[Data items]
* * *

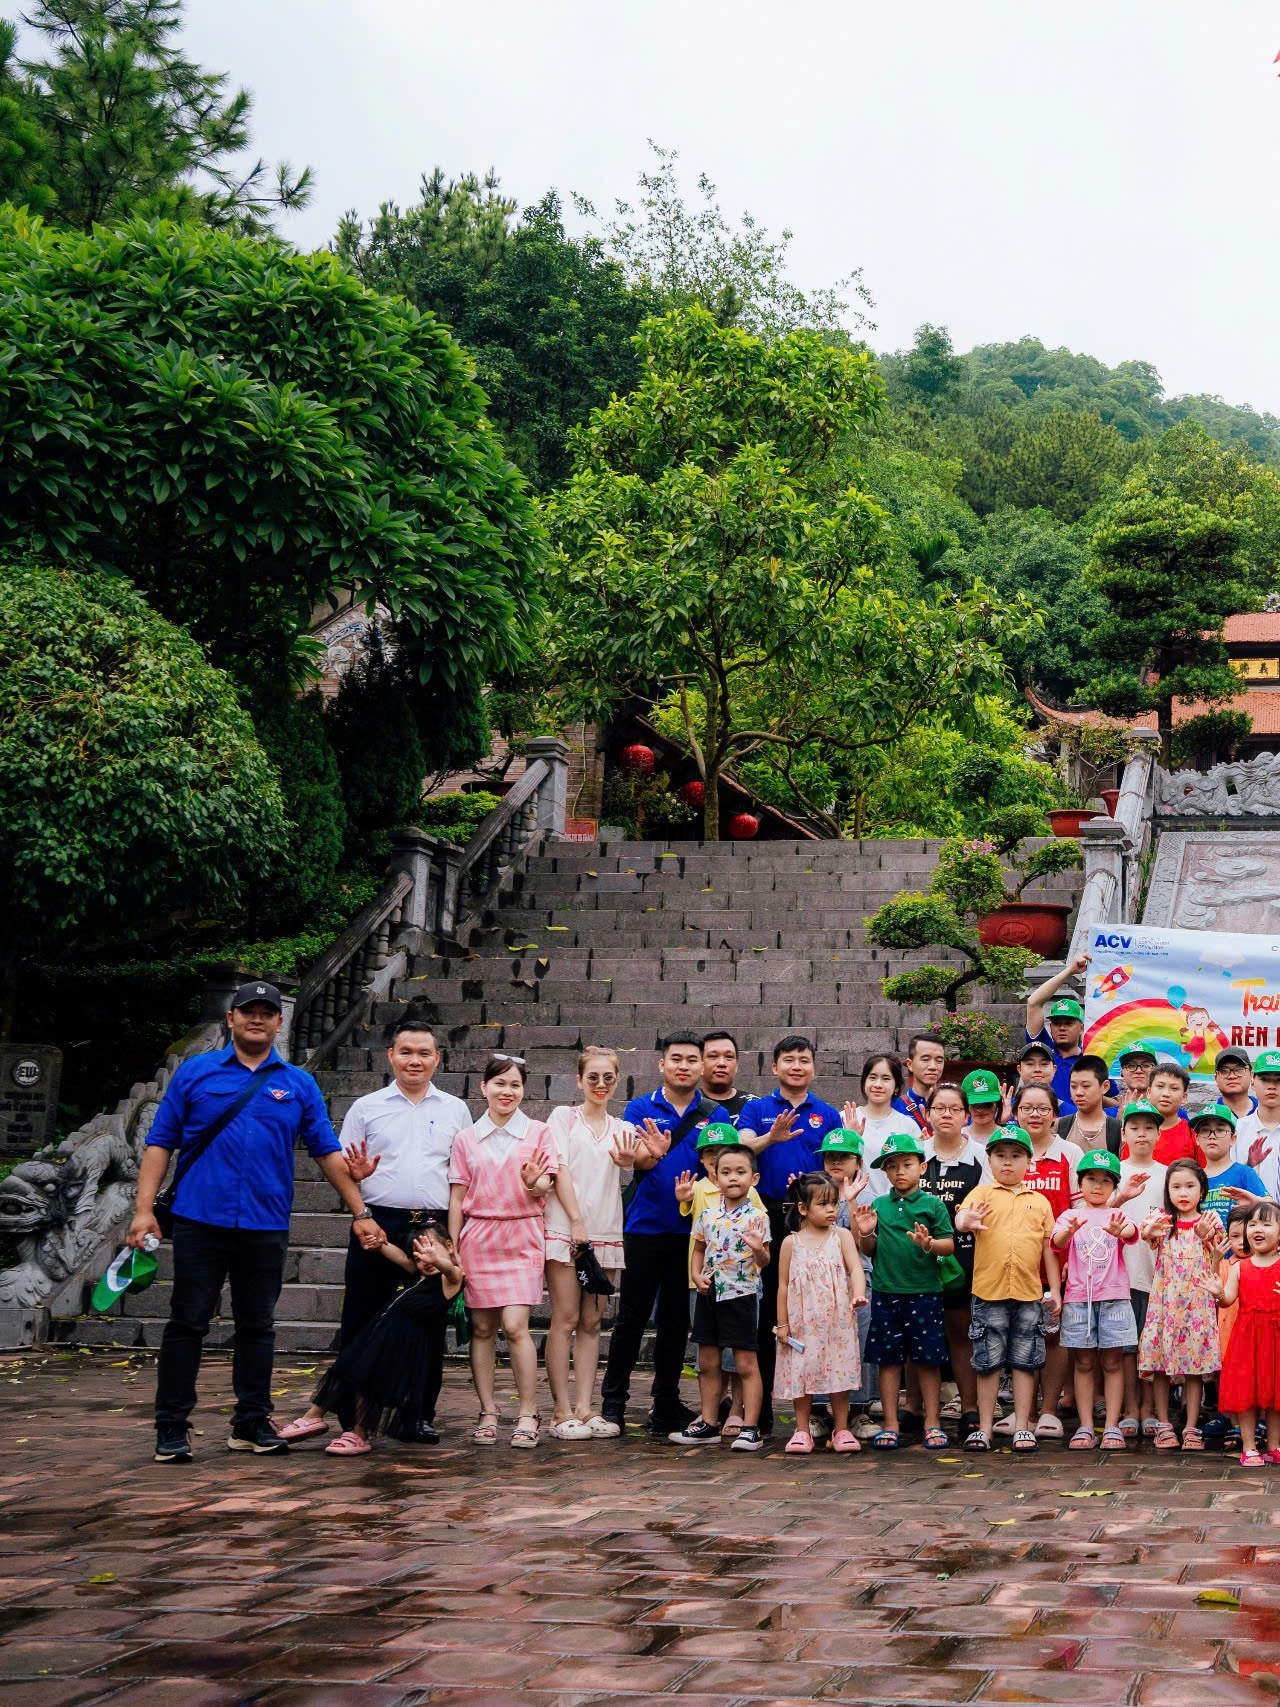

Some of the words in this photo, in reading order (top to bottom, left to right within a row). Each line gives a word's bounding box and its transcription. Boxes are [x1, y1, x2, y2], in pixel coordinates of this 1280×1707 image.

[1094, 934, 1133, 949] ACV
[1232, 979, 1280, 1017] Trại
[1231, 1021, 1269, 1047] RÈN
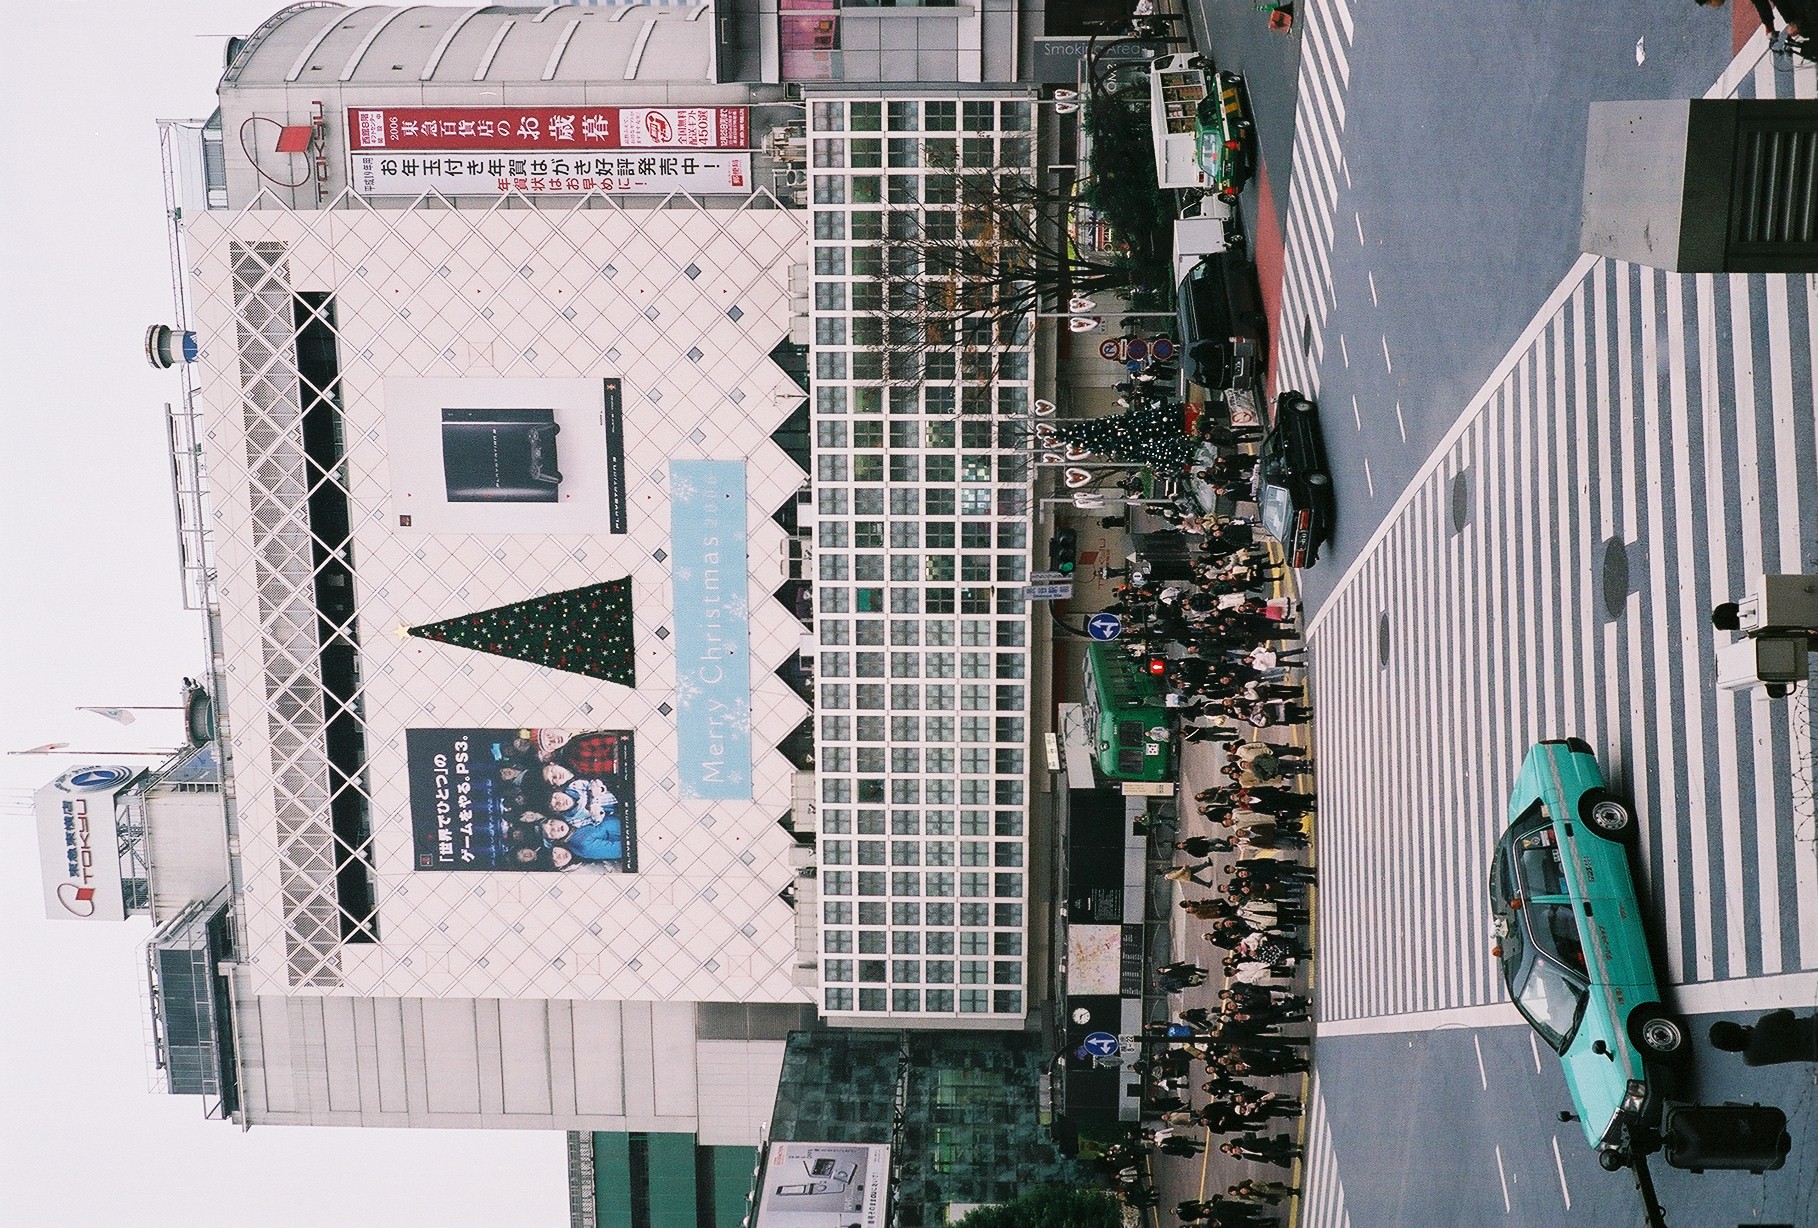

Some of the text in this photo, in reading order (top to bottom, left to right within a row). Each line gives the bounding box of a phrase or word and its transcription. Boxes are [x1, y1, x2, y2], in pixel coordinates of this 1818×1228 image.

[361, 113, 370, 144] 西館8階
[389, 116, 400, 141] 2006
[402, 114, 609, 142] 東急百貨店のお歳暮
[678, 111, 688, 144] 全国無料
[688, 110, 698, 145] 配送ギフト
[698, 110, 708, 145] 450選
[312, 101, 328, 202] TOKYU
[380, 158, 720, 176] お年玉付き年賀はがき好評発売中!
[362, 158, 375, 192] 平成19年用
[498, 178, 647, 192] 年賀状はお早めに!
[700, 536, 722, 684] Christmas
[702, 699, 728, 782] Merry
[434, 753, 454, 862] 「世界でひとつ」の
[454, 735, 476, 862] ゲームをやる。PS3。
[62, 800, 80, 877] 東急東横店
[76, 798, 94, 885] TOKYU
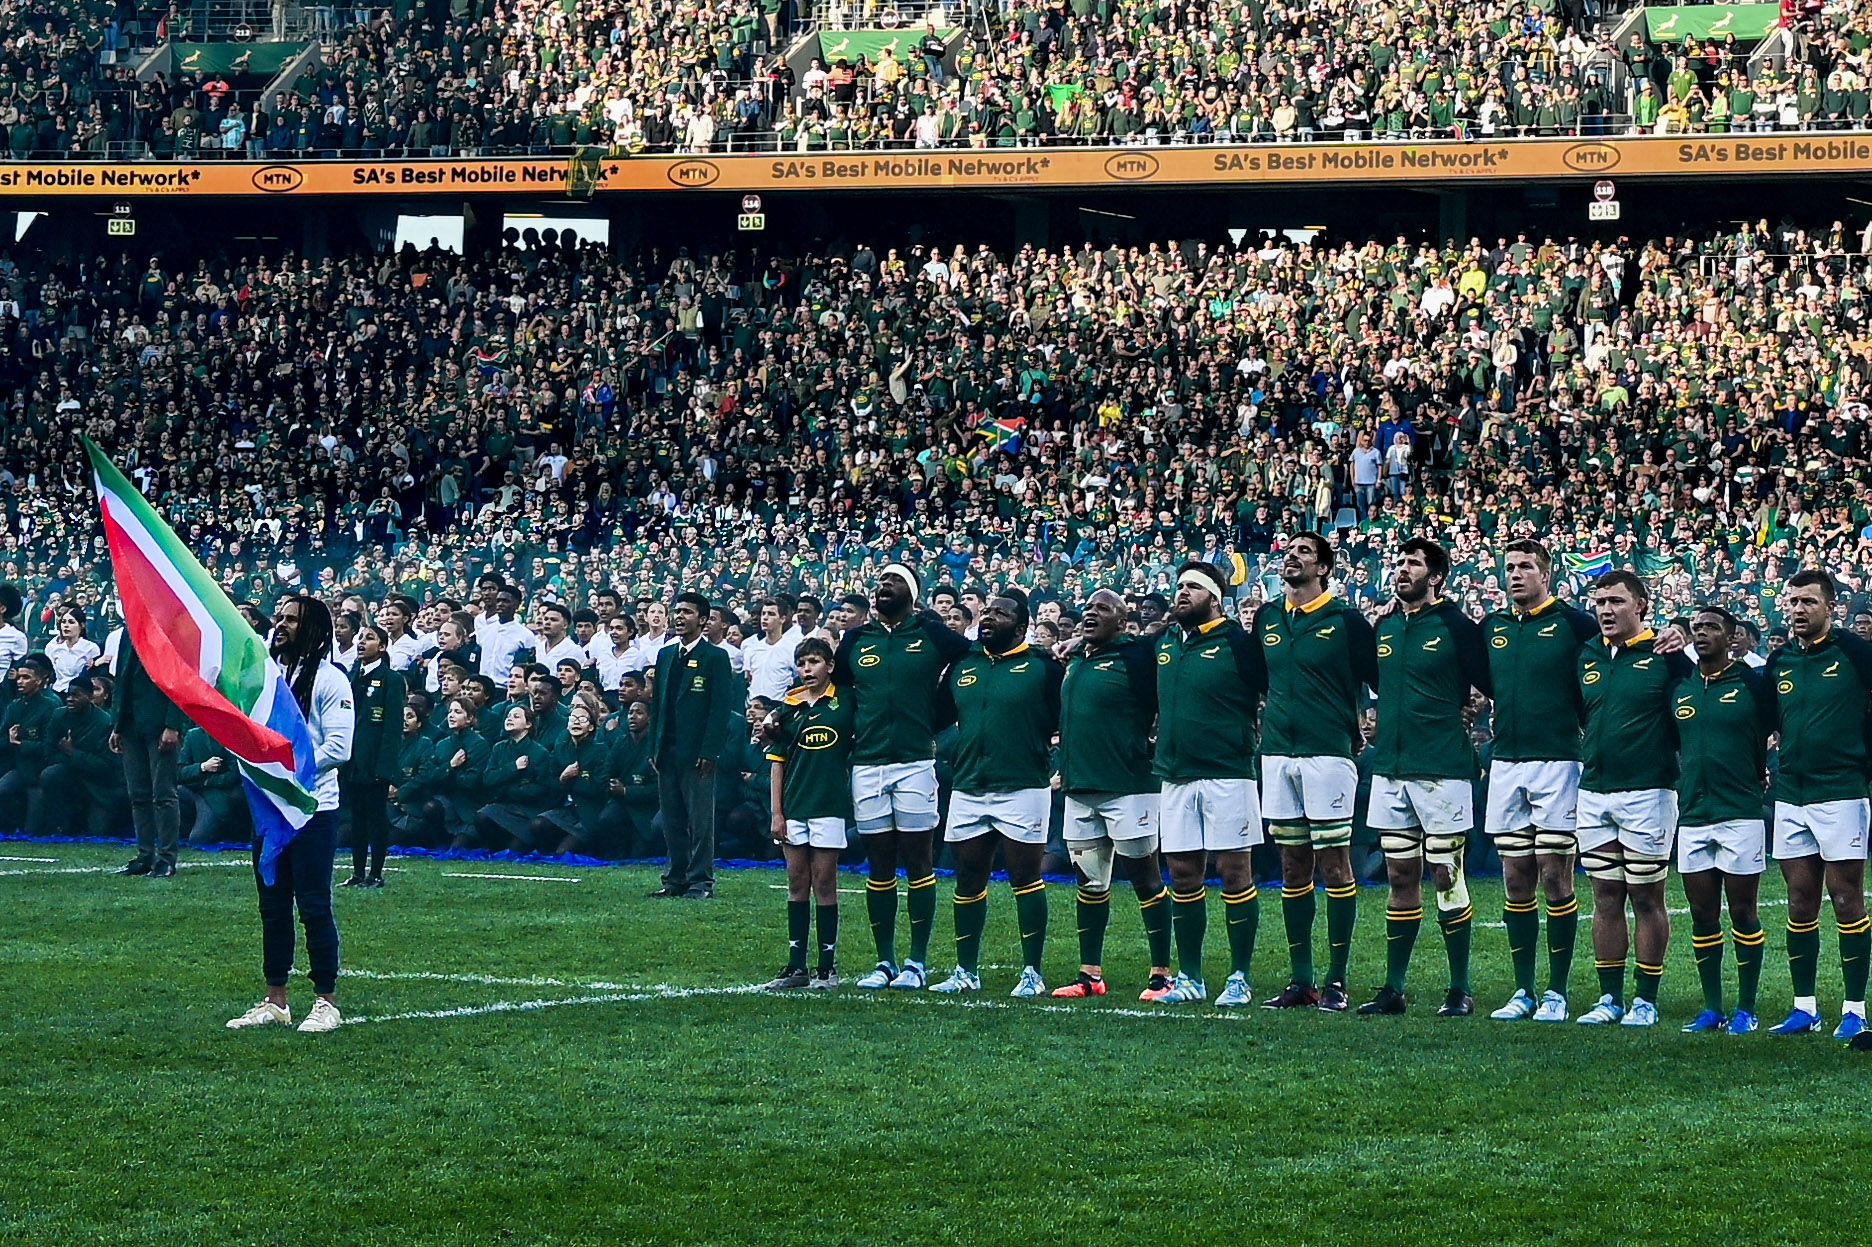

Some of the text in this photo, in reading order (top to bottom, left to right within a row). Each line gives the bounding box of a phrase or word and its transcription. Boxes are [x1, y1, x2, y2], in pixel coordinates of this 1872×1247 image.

[1576, 151, 1608, 164] MTN
[1678, 143, 1729, 163] SA's
[1735, 143, 1787, 162] Best
[1793, 140, 1870, 161] Mobile
[1116, 160, 1147, 172] MTN
[1214, 153, 1261, 171] SA's
[1267, 152, 1317, 170] Best
[1322, 150, 1394, 169] Mobile
[679, 167, 708, 180] MTN
[771, 161, 817, 179] SA's
[822, 160, 869, 178] Best
[873, 158, 942, 177] Mobile
[26, 169, 96, 186] Mobile
[263, 174, 292, 184] MTN
[352, 167, 395, 185] SA's
[401, 167, 445, 184] Best
[451, 166, 516, 183] Mobile
[115, 205, 131, 214] 113
[744, 199, 759, 209] 114
[805, 732, 828, 744] MTN

* * *

What you should do: Every line from the one that has "this 1872×1247 image." down to the last line above must be written out exactly, with both ends included and nothing else.

Solution for this task:
Some of the text in this photo, in reading order (top to bottom, left to right within a row). Each line gives the bounding box of a phrase or word and its transcription. Boxes are [x1, y1, x2, y2], in pixel coordinates of this 1872×1247 image.

[1576, 151, 1608, 164] MTN
[1678, 143, 1729, 163] SA's
[1735, 143, 1787, 162] Best
[1793, 140, 1870, 161] Mobile
[1116, 160, 1147, 172] MTN
[1214, 153, 1261, 171] SA's
[1267, 152, 1317, 170] Best
[1322, 150, 1394, 169] Mobile
[679, 167, 708, 180] MTN
[771, 161, 817, 179] SA's
[822, 160, 869, 178] Best
[873, 158, 942, 177] Mobile
[26, 169, 96, 186] Mobile
[263, 174, 292, 184] MTN
[352, 167, 395, 185] SA's
[401, 167, 445, 184] Best
[451, 166, 516, 183] Mobile
[115, 205, 131, 214] 113
[744, 199, 759, 209] 114
[805, 732, 828, 744] MTN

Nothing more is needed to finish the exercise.